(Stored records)
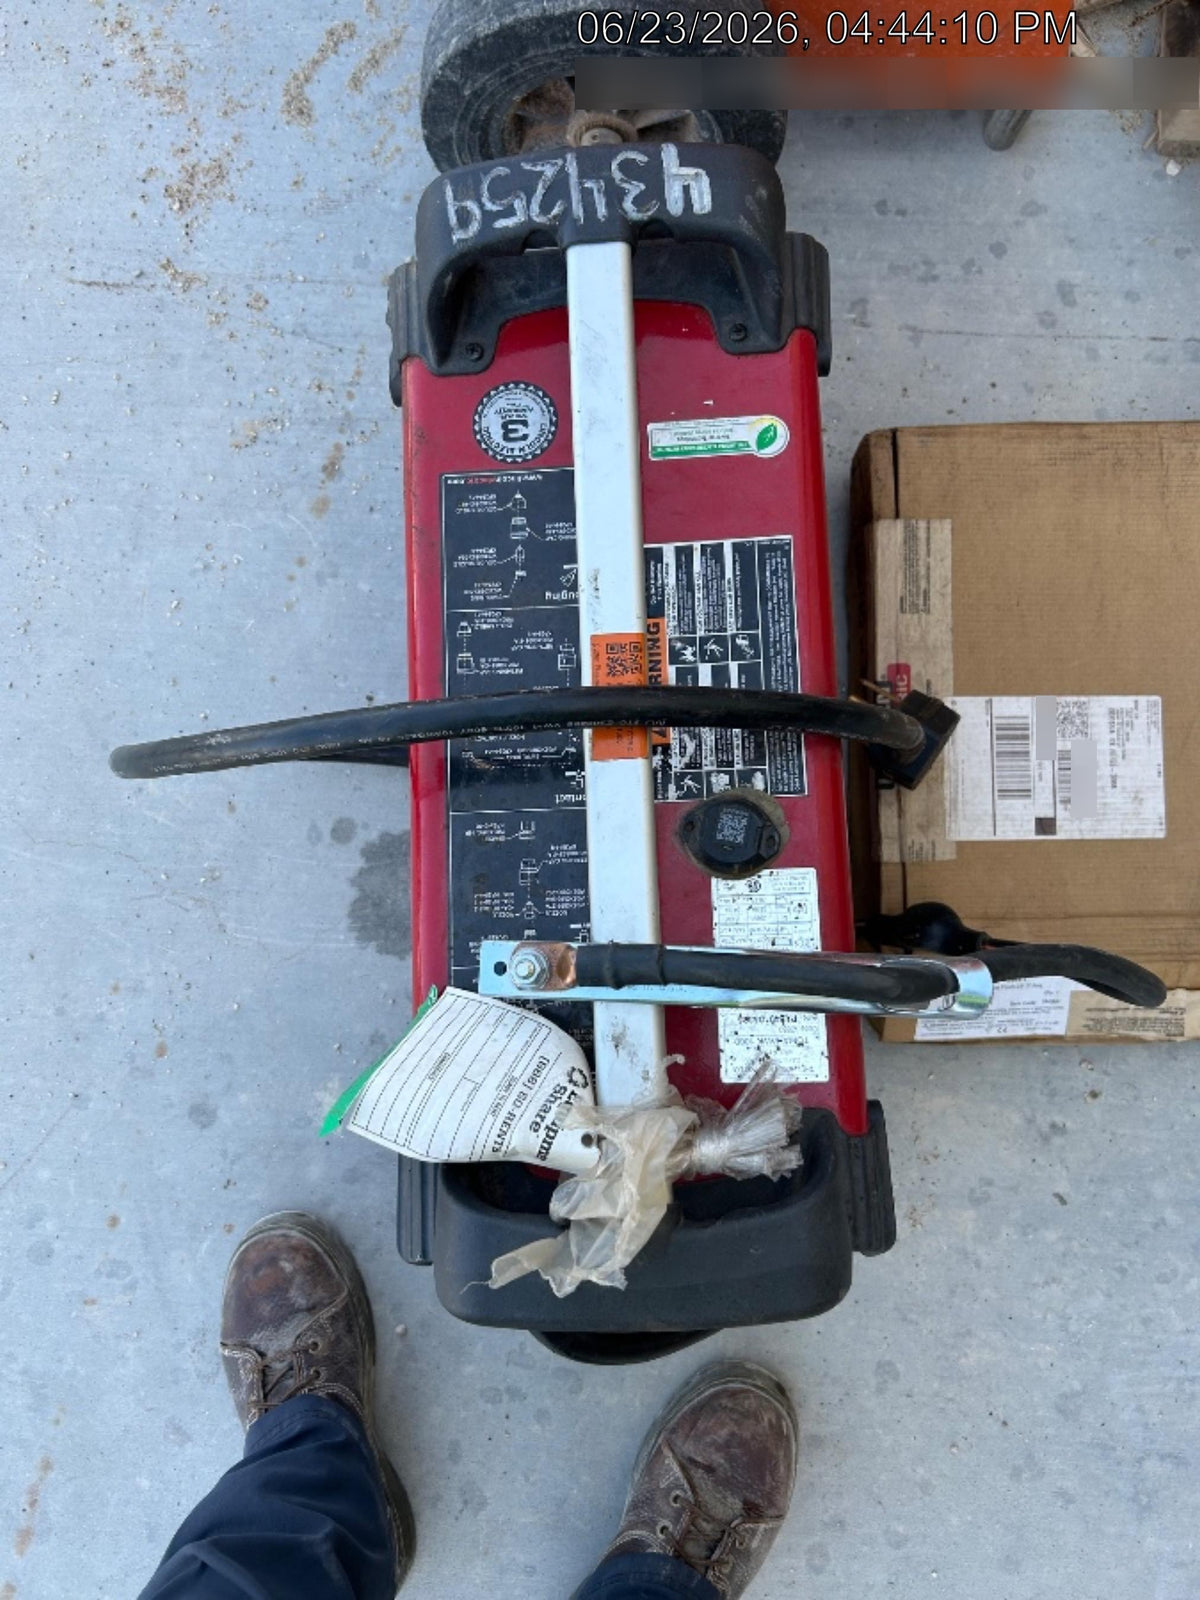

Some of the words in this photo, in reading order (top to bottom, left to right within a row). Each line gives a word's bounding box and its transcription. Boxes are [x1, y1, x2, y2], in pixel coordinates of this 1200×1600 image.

[443, 143, 712, 244] 434259
[501, 420, 529, 442] 3
[647, 621, 661, 686] RNING
[529, 1083, 568, 1135] Share
[536, 1089, 579, 1162] Eipme

| Your instructions |
Return the entries unchanged, save for the pictures, which do not belong in the copy.

| Solution |
Some of the words in this photo, in reading order (top to bottom, left to right within a row). Each line gives a word's bounding box and its transcription. Boxes are [x1, y1, x2, y2], in pixel coordinates of this 1200×1600 image.

[443, 143, 712, 244] 434259
[501, 420, 529, 442] 3
[647, 621, 661, 686] RNING
[529, 1083, 568, 1135] Share
[536, 1089, 579, 1162] Eipme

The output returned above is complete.